"""

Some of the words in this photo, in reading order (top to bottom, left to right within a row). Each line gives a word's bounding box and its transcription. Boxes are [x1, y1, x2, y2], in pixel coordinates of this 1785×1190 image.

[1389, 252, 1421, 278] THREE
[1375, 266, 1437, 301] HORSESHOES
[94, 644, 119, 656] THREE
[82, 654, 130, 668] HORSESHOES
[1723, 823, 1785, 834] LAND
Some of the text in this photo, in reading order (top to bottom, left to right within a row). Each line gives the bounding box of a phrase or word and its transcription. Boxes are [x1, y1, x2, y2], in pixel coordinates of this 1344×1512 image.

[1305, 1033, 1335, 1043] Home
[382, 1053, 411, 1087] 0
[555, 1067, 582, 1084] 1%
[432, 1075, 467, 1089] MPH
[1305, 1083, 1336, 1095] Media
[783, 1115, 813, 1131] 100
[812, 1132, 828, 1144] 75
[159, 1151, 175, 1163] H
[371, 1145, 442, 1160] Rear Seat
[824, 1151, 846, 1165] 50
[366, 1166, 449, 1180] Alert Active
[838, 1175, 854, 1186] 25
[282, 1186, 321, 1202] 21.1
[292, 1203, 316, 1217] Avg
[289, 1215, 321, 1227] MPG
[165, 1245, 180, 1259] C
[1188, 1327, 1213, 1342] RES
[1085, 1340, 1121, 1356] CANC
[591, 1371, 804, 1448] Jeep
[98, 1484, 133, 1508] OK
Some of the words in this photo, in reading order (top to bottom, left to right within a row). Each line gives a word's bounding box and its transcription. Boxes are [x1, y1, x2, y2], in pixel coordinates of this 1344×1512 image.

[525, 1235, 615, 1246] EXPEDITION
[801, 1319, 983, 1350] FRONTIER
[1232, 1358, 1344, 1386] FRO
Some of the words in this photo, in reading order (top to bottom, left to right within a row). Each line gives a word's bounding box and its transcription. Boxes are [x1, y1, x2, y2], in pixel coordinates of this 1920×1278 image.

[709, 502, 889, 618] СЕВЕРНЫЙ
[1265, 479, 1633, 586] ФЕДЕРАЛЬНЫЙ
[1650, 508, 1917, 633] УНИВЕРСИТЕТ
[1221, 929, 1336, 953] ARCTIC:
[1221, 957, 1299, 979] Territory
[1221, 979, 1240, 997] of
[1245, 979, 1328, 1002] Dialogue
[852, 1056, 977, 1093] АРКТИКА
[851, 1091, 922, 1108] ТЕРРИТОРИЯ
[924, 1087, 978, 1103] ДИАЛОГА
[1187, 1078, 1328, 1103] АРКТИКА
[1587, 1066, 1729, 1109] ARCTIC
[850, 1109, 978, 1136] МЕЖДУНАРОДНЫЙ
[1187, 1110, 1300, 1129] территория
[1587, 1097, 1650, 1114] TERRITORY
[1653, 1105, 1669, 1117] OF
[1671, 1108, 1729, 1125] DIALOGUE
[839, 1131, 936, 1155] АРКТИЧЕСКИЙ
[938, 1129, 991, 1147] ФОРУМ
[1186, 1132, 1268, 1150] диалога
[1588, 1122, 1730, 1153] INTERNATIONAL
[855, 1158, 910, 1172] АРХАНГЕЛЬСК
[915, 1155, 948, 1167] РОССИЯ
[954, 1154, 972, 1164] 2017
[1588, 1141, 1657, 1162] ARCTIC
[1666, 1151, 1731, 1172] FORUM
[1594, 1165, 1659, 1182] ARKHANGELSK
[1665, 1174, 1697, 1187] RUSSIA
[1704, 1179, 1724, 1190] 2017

"""

Transcribe every record exactly.

Some of the words in this photo, in reading order (top to bottom, left to right within a row). Each line gives a word's bounding box and its transcription. Boxes are [x1, y1, x2, y2], in pixel coordinates of this 1785×1190 image.

[1389, 252, 1421, 278] THREE
[1375, 266, 1437, 301] HORSESHOES
[94, 644, 119, 656] THREE
[82, 654, 130, 668] HORSESHOES
[1723, 823, 1785, 834] LAND
Some of the text in this photo, in reading order (top to bottom, left to right within a row). Each line gives the bounding box of a phrase or word and its transcription. Boxes are [x1, y1, x2, y2], in pixel coordinates of this 1344×1512 image.

[1305, 1033, 1335, 1043] Home
[382, 1053, 411, 1087] 0
[555, 1067, 582, 1084] 1%
[432, 1075, 467, 1089] MPH
[1305, 1083, 1336, 1095] Media
[783, 1115, 813, 1131] 100
[812, 1132, 828, 1144] 75
[159, 1151, 175, 1163] H
[371, 1145, 442, 1160] Rear Seat
[824, 1151, 846, 1165] 50
[366, 1166, 449, 1180] Alert Active
[838, 1175, 854, 1186] 25
[282, 1186, 321, 1202] 21.1
[292, 1203, 316, 1217] Avg
[289, 1215, 321, 1227] MPG
[165, 1245, 180, 1259] C
[1188, 1327, 1213, 1342] RES
[1085, 1340, 1121, 1356] CANC
[591, 1371, 804, 1448] Jeep
[98, 1484, 133, 1508] OK
Some of the words in this photo, in reading order (top to bottom, left to right within a row). Each line gives a word's bounding box and its transcription. Boxes are [x1, y1, x2, y2], in pixel coordinates of this 1344×1512 image.

[525, 1235, 615, 1246] EXPEDITION
[801, 1319, 983, 1350] FRONTIER
[1232, 1358, 1344, 1386] FRO
Some of the words in this photo, in reading order (top to bottom, left to right within a row). Each line gives a word's bounding box and its transcription. Boxes are [x1, y1, x2, y2], in pixel coordinates of this 1920×1278 image.

[709, 502, 889, 618] СЕВЕРНЫЙ
[1265, 479, 1633, 586] ФЕДЕРАЛЬНЫЙ
[1650, 508, 1917, 633] УНИВЕРСИТЕТ
[1221, 929, 1336, 953] ARCTIC:
[1221, 957, 1299, 979] Territory
[1221, 979, 1240, 997] of
[1245, 979, 1328, 1002] Dialogue
[852, 1056, 977, 1093] АРКТИКА
[851, 1091, 922, 1108] ТЕРРИТОРИЯ
[924, 1087, 978, 1103] ДИАЛОГА
[1187, 1078, 1328, 1103] АРКТИКА
[1587, 1066, 1729, 1109] ARCTIC
[850, 1109, 978, 1136] МЕЖДУНАРОДНЫЙ
[1187, 1110, 1300, 1129] территория
[1587, 1097, 1650, 1114] TERRITORY
[1653, 1105, 1669, 1117] OF
[1671, 1108, 1729, 1125] DIALOGUE
[839, 1131, 936, 1155] АРКТИЧЕСКИЙ
[938, 1129, 991, 1147] ФОРУМ
[1186, 1132, 1268, 1150] диалога
[1588, 1122, 1730, 1153] INTERNATIONAL
[855, 1158, 910, 1172] АРХАНГЕЛЬСК
[915, 1155, 948, 1167] РОССИЯ
[954, 1154, 972, 1164] 2017
[1588, 1141, 1657, 1162] ARCTIC
[1666, 1151, 1731, 1172] FORUM
[1594, 1165, 1659, 1182] ARKHANGELSK
[1665, 1174, 1697, 1187] RUSSIA
[1704, 1179, 1724, 1190] 2017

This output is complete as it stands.